The data below is to be transcribed word for word; pictures are to be excluded.

* **Input data**
====
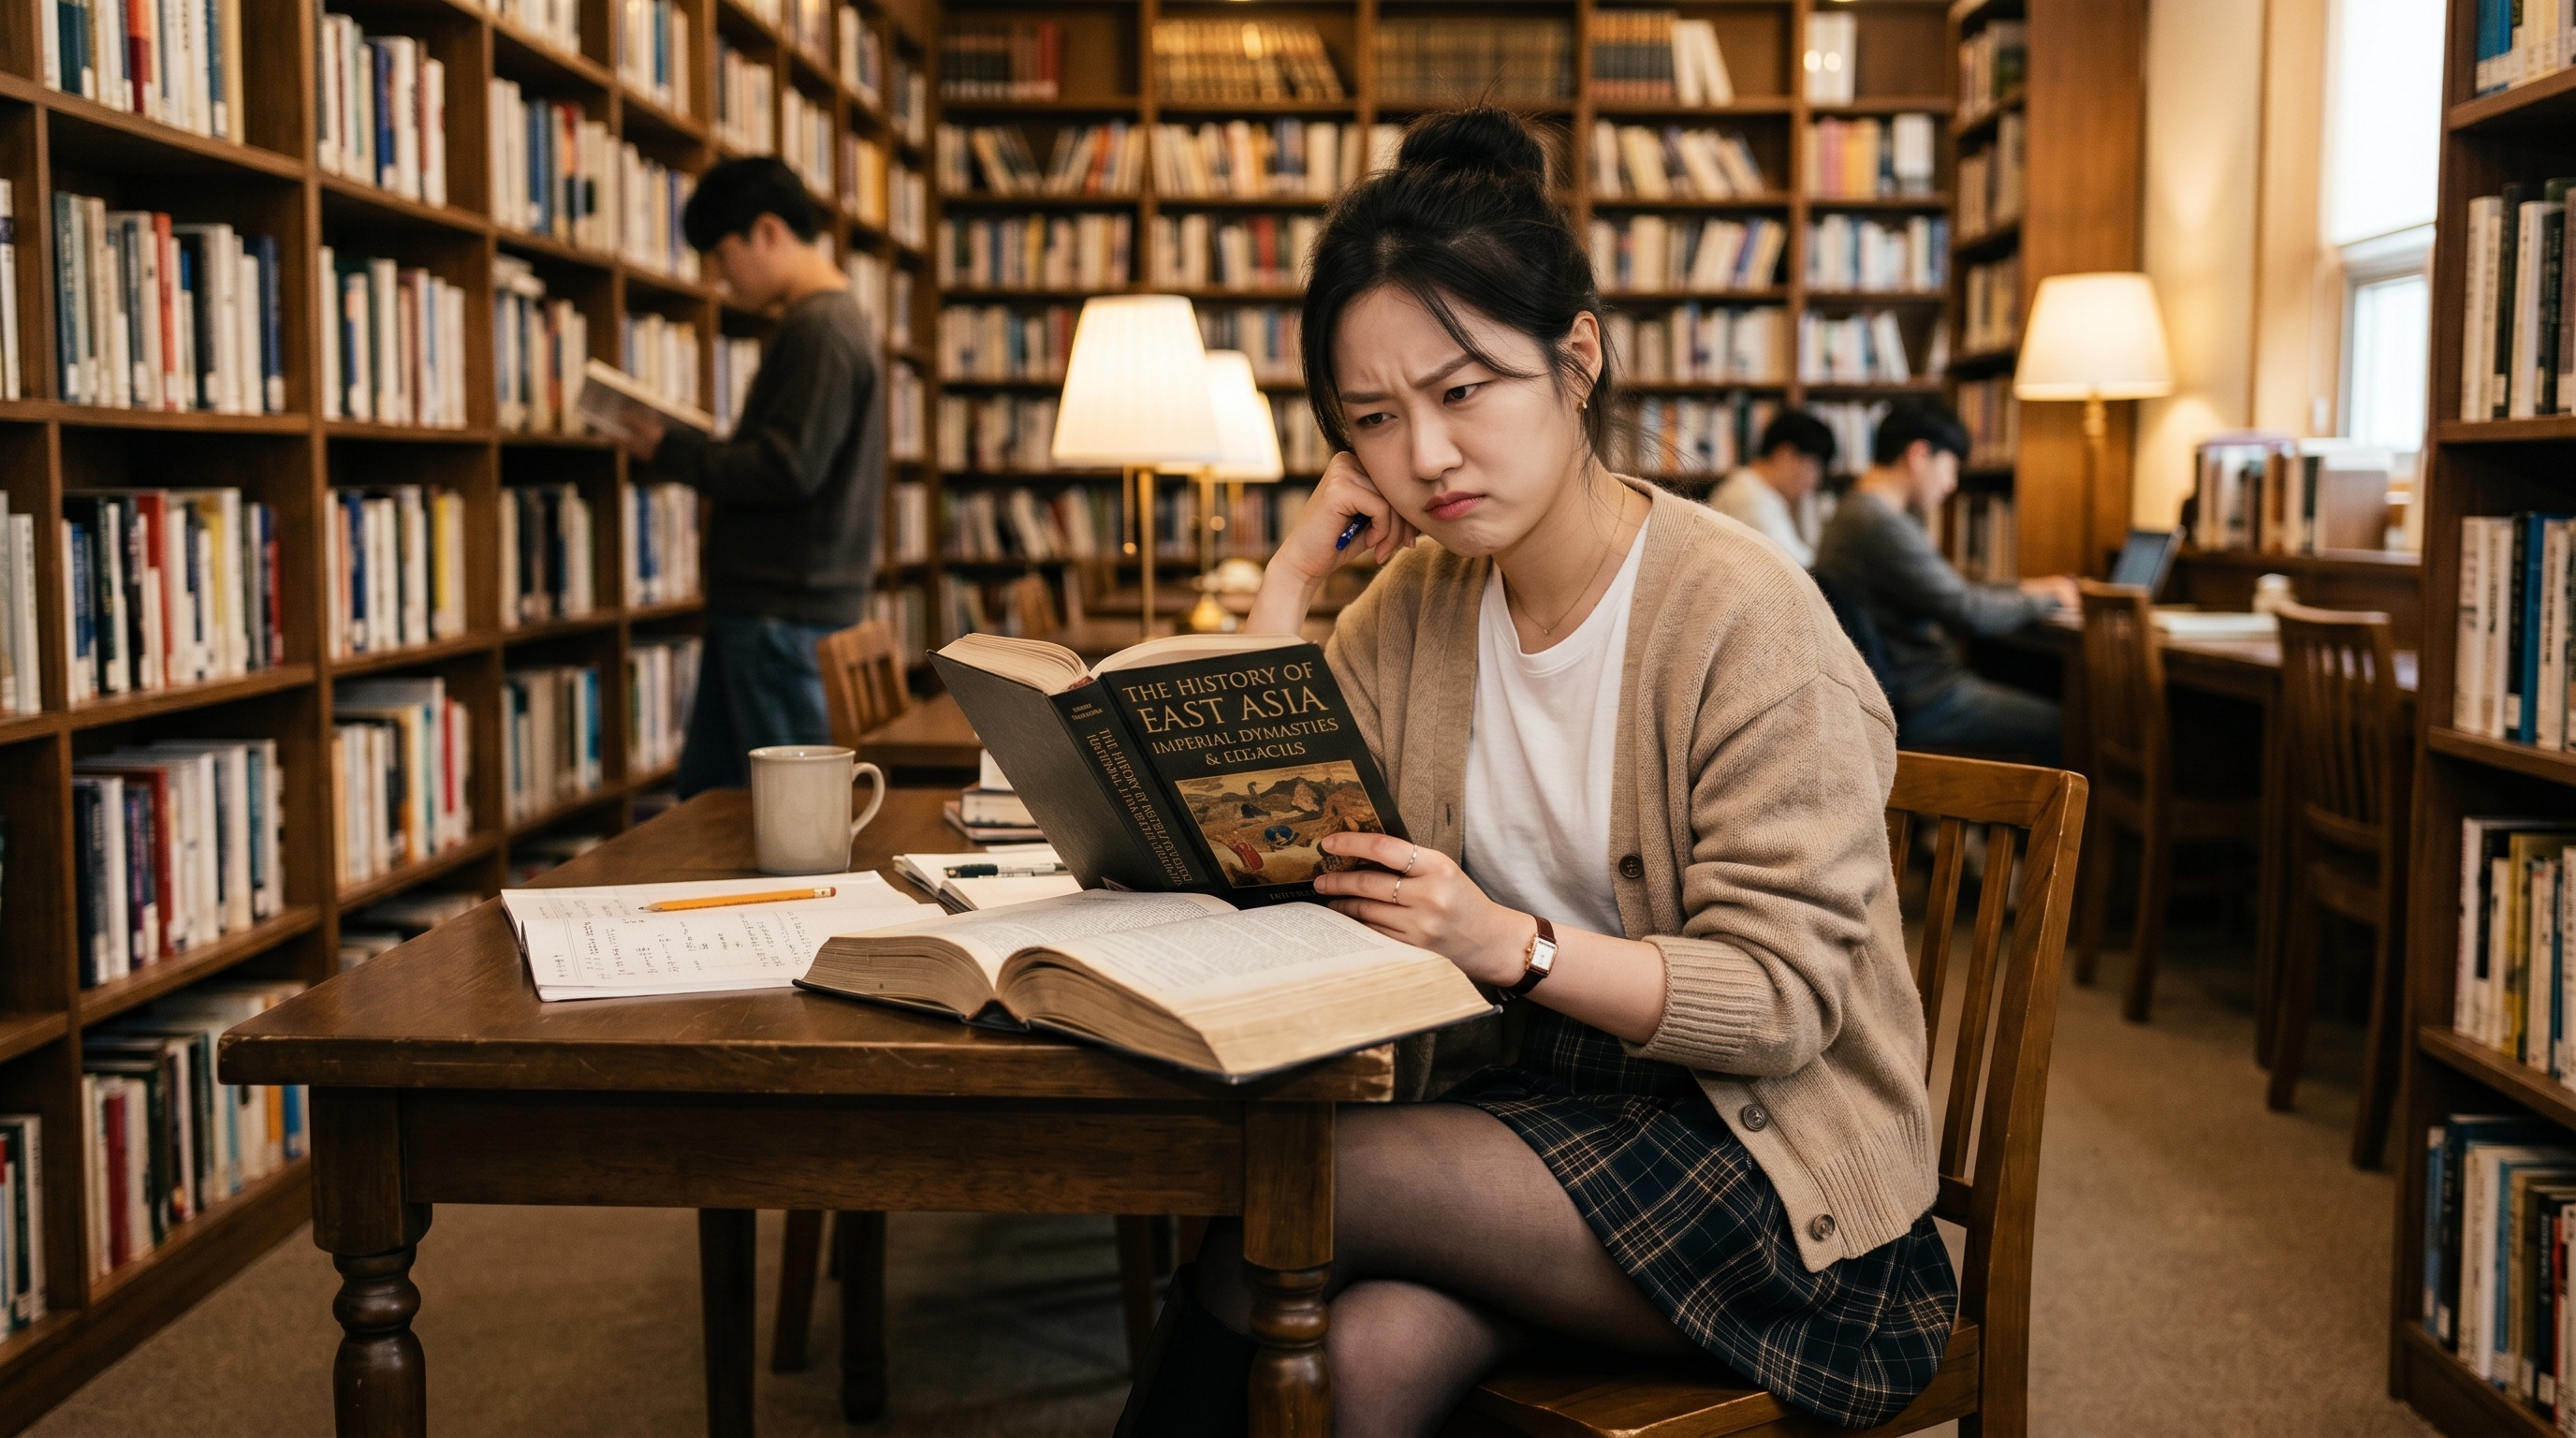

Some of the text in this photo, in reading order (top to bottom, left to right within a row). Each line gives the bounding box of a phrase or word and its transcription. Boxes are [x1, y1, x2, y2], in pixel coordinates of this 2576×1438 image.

[1122, 661, 1314, 703] THE HISTORY OF
[1136, 685, 1329, 735] EAST ASIA
[1099, 727, 1119, 751] THE
[1151, 717, 1339, 755] IMPERIAL DYMASTIES
[1205, 753, 1222, 766] &
====
* **Reply to the task**
Some of the text in this photo, in reading order (top to bottom, left to right within a row). Each line gives the bounding box of a phrase or word and its transcription. Boxes are [x1, y1, x2, y2], in pixel coordinates of this 2576×1438 image.

[1122, 661, 1314, 703] THE HISTORY OF
[1136, 685, 1329, 735] EAST ASIA
[1099, 727, 1119, 751] THE
[1151, 717, 1339, 755] IMPERIAL DYMASTIES
[1205, 753, 1222, 766] &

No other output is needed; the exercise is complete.